#### Data extract:
-- Opening Marker --

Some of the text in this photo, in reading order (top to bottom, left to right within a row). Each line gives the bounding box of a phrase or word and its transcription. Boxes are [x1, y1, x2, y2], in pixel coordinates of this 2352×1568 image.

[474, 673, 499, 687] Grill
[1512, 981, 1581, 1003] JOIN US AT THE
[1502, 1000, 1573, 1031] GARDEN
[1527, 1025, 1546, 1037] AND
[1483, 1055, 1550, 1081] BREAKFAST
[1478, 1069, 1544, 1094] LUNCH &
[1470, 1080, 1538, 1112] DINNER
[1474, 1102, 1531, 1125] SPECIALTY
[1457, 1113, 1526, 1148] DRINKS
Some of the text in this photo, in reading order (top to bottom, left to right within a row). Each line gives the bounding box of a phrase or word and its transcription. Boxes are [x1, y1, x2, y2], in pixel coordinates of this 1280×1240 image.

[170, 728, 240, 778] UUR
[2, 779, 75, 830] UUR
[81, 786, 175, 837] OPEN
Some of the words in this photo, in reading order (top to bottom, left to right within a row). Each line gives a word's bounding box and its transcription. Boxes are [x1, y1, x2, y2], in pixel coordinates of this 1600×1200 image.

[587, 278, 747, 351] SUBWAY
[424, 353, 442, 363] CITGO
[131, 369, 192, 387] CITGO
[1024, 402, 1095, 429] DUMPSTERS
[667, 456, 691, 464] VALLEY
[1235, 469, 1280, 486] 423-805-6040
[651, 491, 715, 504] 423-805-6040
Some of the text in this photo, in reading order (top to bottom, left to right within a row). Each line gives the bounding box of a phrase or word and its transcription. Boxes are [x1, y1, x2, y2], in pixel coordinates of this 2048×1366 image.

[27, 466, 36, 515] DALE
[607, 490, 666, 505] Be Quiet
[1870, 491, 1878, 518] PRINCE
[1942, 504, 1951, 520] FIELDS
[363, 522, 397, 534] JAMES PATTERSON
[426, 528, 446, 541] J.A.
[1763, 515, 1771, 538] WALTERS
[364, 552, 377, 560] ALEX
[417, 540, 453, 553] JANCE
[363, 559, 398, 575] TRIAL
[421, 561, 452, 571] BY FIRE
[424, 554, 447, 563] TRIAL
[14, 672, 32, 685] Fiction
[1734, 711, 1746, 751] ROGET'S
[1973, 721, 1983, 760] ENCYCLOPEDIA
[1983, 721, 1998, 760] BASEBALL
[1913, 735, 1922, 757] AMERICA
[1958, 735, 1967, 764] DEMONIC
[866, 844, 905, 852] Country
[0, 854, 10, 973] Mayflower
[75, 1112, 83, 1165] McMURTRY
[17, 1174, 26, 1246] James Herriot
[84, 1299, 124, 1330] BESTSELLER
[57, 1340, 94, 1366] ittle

-- Closing Marker --

#### Task description:
Copy, word for word, the line that contains "Some of the words" and every line after it through the end of the records, and nothing else.

#### Finished task:
Some of the words in this photo, in reading order (top to bottom, left to right within a row). Each line gives a word's bounding box and its transcription. Boxes are [x1, y1, x2, y2], in pixel coordinates of this 1600×1200 image.

[587, 278, 747, 351] SUBWAY
[424, 353, 442, 363] CITGO
[131, 369, 192, 387] CITGO
[1024, 402, 1095, 429] DUMPSTERS
[667, 456, 691, 464] VALLEY
[1235, 469, 1280, 486] 423-805-6040
[651, 491, 715, 504] 423-805-6040
Some of the text in this photo, in reading order (top to bottom, left to right within a row). Each line gives the bounding box of a phrase or word and its transcription. Boxes are [x1, y1, x2, y2], in pixel coordinates of this 2048×1366 image.

[27, 466, 36, 515] DALE
[607, 490, 666, 505] Be Quiet
[1870, 491, 1878, 518] PRINCE
[1942, 504, 1951, 520] FIELDS
[363, 522, 397, 534] JAMES PATTERSON
[426, 528, 446, 541] J.A.
[1763, 515, 1771, 538] WALTERS
[364, 552, 377, 560] ALEX
[417, 540, 453, 553] JANCE
[363, 559, 398, 575] TRIAL
[421, 561, 452, 571] BY FIRE
[424, 554, 447, 563] TRIAL
[14, 672, 32, 685] Fiction
[1734, 711, 1746, 751] ROGET'S
[1973, 721, 1983, 760] ENCYCLOPEDIA
[1983, 721, 1998, 760] BASEBALL
[1913, 735, 1922, 757] AMERICA
[1958, 735, 1967, 764] DEMONIC
[866, 844, 905, 852] Country
[0, 854, 10, 973] Mayflower
[75, 1112, 83, 1165] McMURTRY
[17, 1174, 26, 1246] James Herriot
[84, 1299, 124, 1330] BESTSELLER
[57, 1340, 94, 1366] ittle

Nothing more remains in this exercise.